Rita’s life story perfectly places her to do the work she does and to write this book. no one can doubt her understanding and experience in the subject but her ability to write such engaging prose is impressive. The stories are brutal but considering the topic, it is quite understandable. she isn’t looking to shock but illustrate.

I gleaned both contextual understanding and technical know-how. Below are two insights that particularly resonated.

“I’ve learned in my counterterrorism work that where there is enough rhetorical upheaval, there will eventually be real-life action.”
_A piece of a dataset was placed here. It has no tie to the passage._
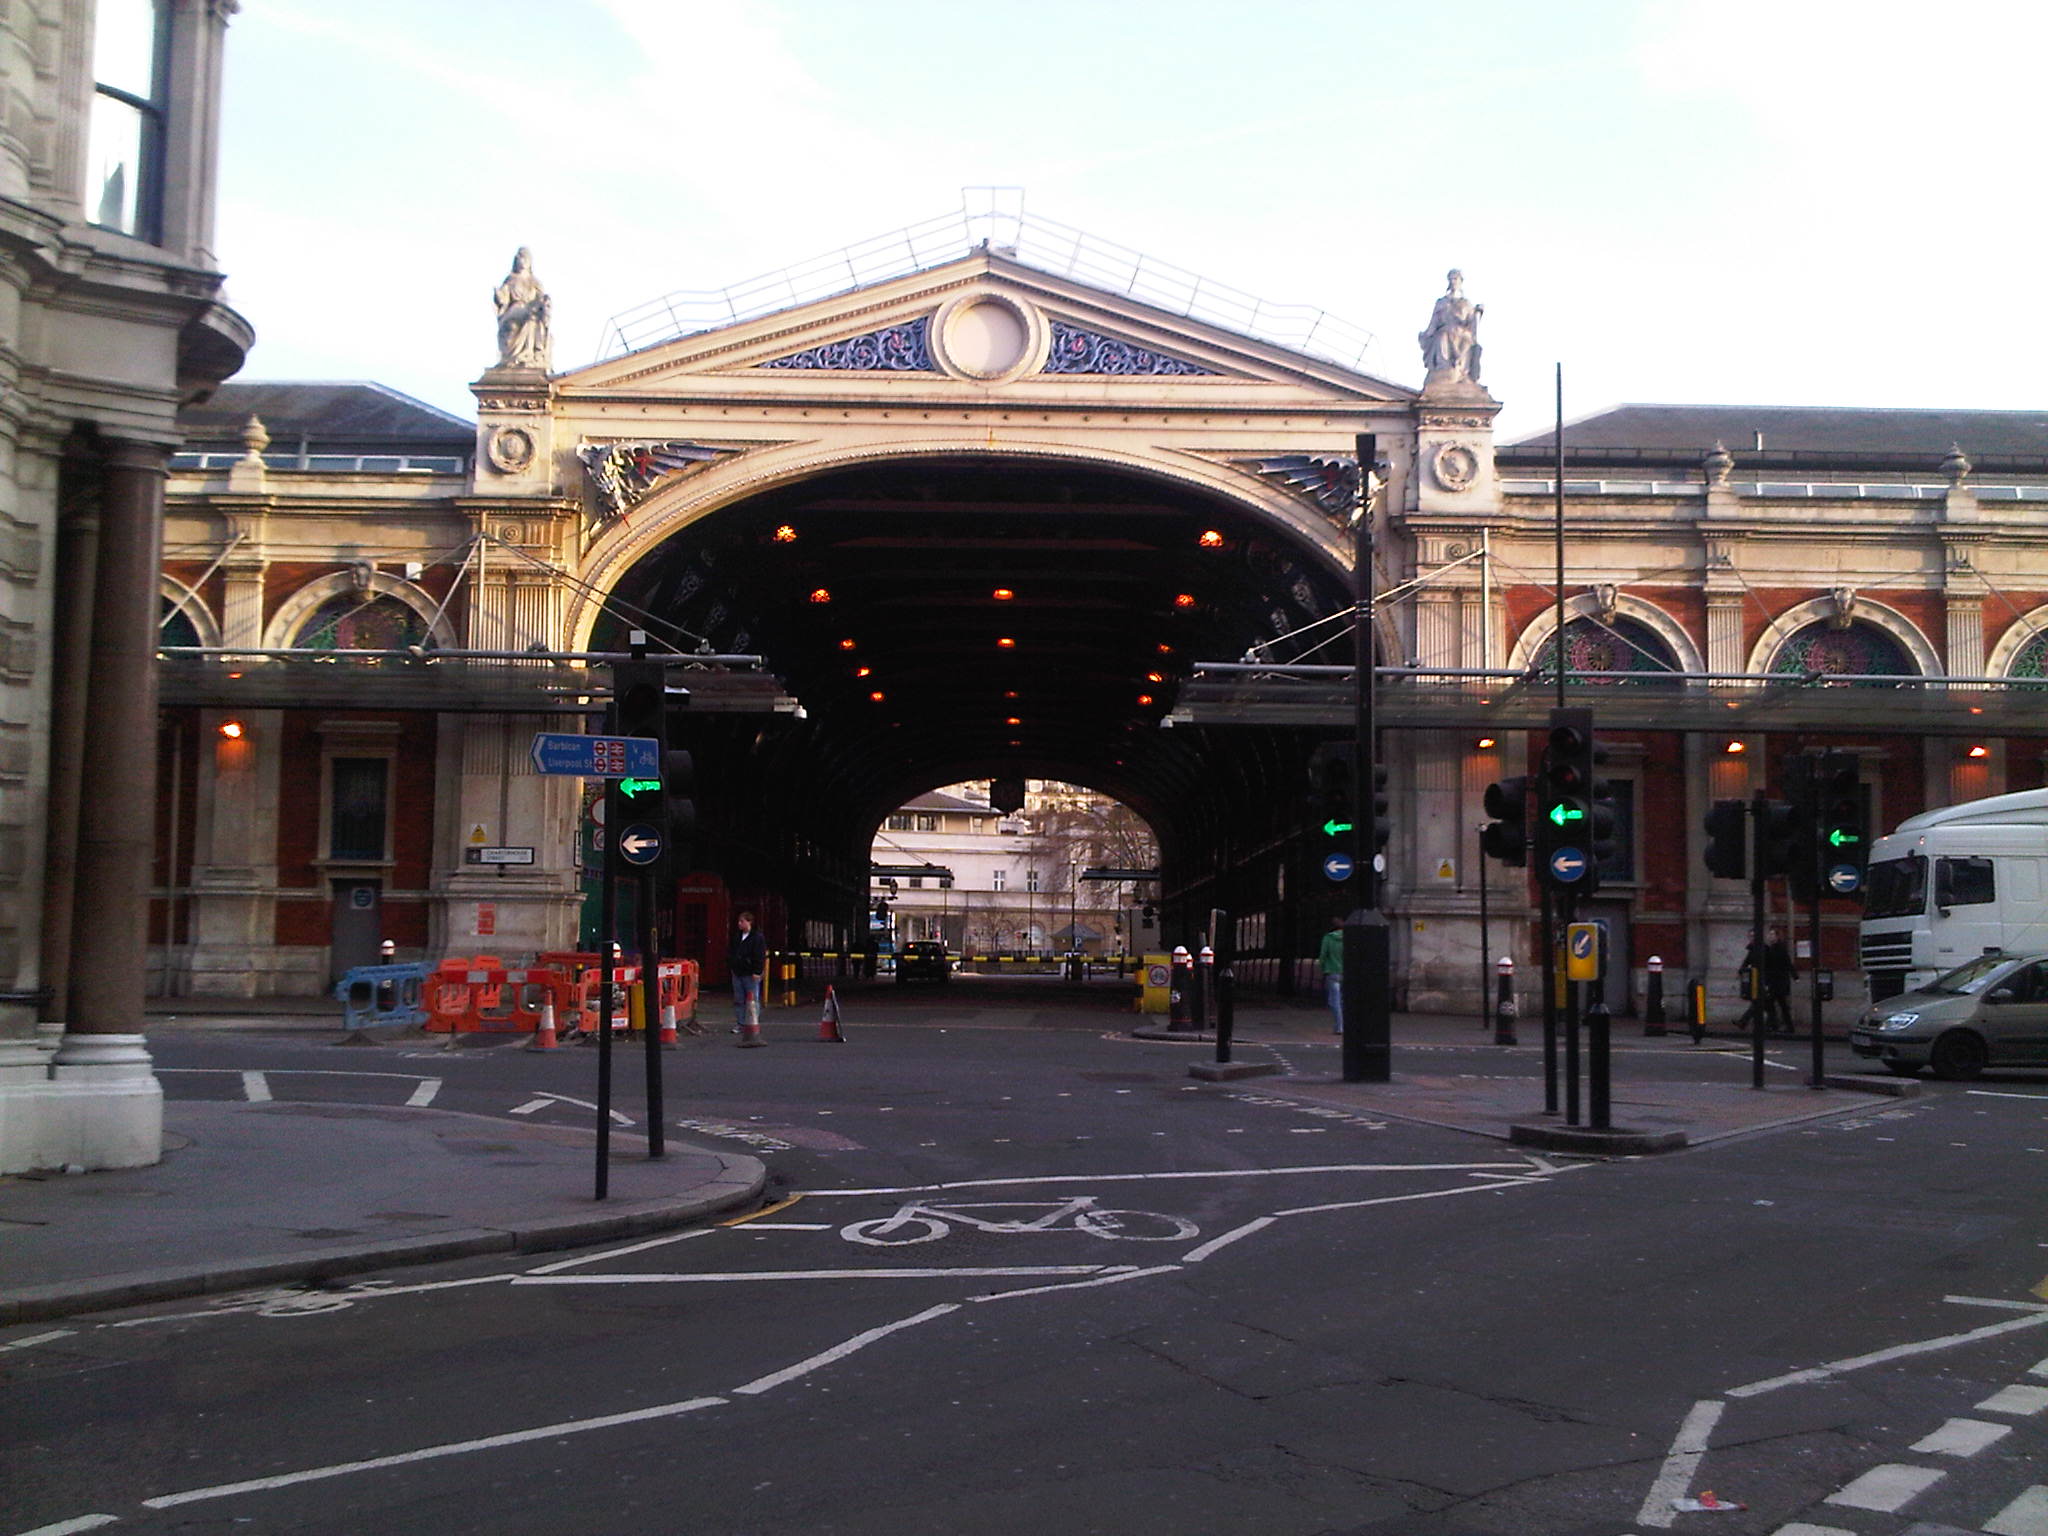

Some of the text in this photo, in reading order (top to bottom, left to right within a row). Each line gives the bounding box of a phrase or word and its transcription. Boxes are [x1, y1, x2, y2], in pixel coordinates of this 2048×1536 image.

[548, 740, 581, 751] Barbican
[548, 757, 593, 769] Liverpool St
“Saints and Soldiers by Rita Katz
“Yet as the world’s fight against jihadi terrorists’ online infrastructures have shown, it was never so much any government making progress as it was the private sector. It took many nudges from government agencies and the general public, but social media and ICT companies eventually came together to build a massive digital wall between ISIS and the people they wish to recruit or intimidate. What the world got from all of this was a wealth of tested and proven strategies that we have sadly not seen fully adapted and implemented against far-right extremism. That the tech sector holds so much power in fighting far-right extremism should at this point be expected, because it speaks to the very nature of such actors. They are products of the environments that tech companies have built, thus making those very companies the best-equipped (and most responsible) to counter them.”

“Saints and Soldiers by Rita Katz
This book is one that will remain in my mind for a long while. The author is one I will follow and look to read again. It’s a five out of five and highly recommended.

I received a complimentary copy of the book from Columbia University Press through NetGalley. Opinions expressed in this review are completely my own.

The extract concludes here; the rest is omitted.